At 38 years of age, Federer is showing no signs of stopping and even entered the French Open this season for the first time since 2015.
After a barren spell of no Grand Slam wins between 2011 and 2016, which saw injury curtail his career, Federer returned with a bang in 2017 by winning both the Australian Open and Wimbledon.
He retained his title in Melbourne a year later and reached the Wimbledon final last month after beating old nemesis Nadal in a hotly anticipated semi-final.
Federer went toe-to-toe with Djokovic in the longest Wimbledon singles final in history, but failed to connect with one of two Championship points as the world No 1 went on to win the title.
But being five years older than Nadal and Djokovic, Federer admits he has to manage his tournaments better to keep him fresh for the Grand Slams.
“My challenge I think is a little bit time management,” he said in a Uniqlo video with Adam Scott.
“It’s the body, making sure I can still stay on the tour, run around and chase those balls.
“Still be successful because no success and then you ask yourself the question, ‘what’s the point?’ if you have no success after all the success I’ve had.

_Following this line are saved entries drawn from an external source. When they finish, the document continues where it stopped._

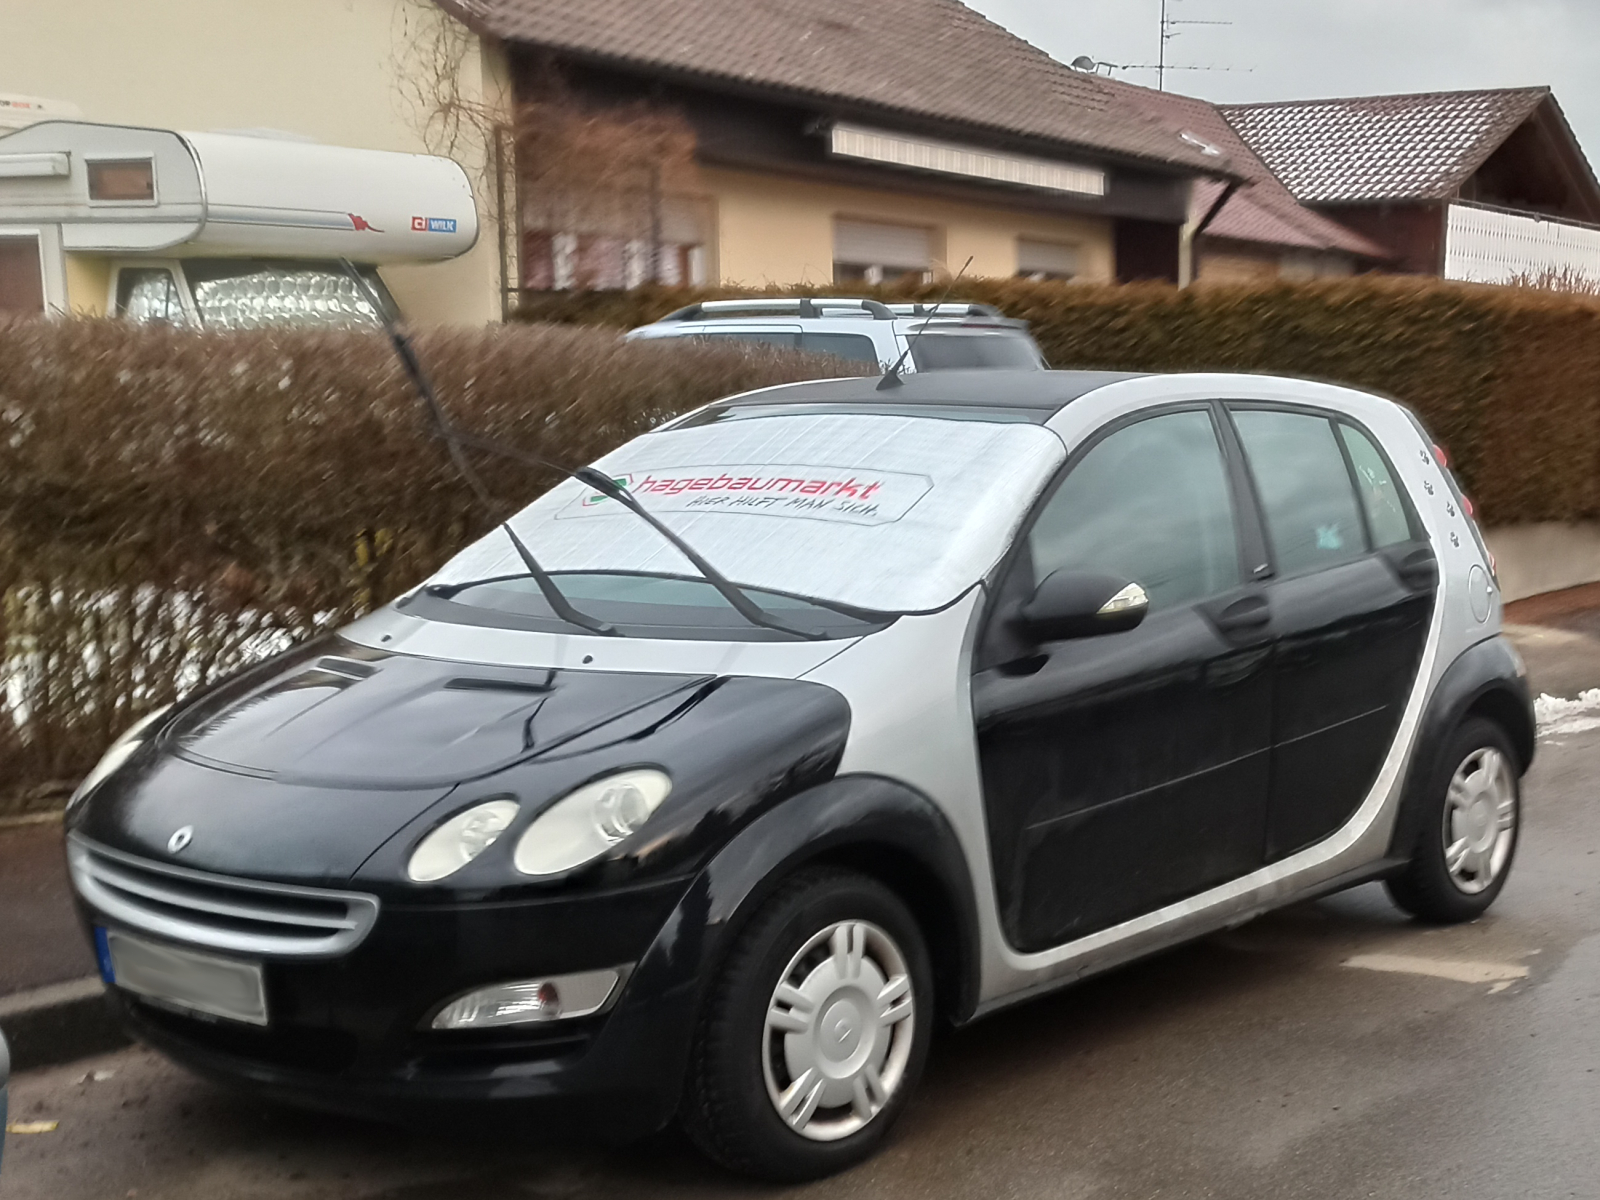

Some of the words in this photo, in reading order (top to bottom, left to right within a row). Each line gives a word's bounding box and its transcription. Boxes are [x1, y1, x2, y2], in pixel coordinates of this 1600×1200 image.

[430, 219, 454, 231] WILK
[632, 474, 882, 500] hagebaumarkt
[686, 495, 730, 508] HIER
[728, 496, 788, 509] HILFT
[784, 497, 836, 511] MAN

“You need it to survive on the tour.
“I think just ‘how can I keep on improving’.
“It’s so subtle at one point. It’s crazy to think that way but when you’re growing up, your forehand gets stronger, you’re serving bigger, you’re doing all these things and you’re taking major strides.
“Then all of a sudden as you get older – I don’t want to say you get worse – but it’s so hard to maintain and just maintaining means success.
“That’s a massive challenge and I think this is a part of the game in the head and in the racket that I’m constantly seeking.
“It’s like how can I stay as good or how can I just become a little bit better because I honestly feel I’m a much better player than 10-15 years ago, even though I had maybe more success back then.
“That’s got to be the challenge to constantly keep improving.”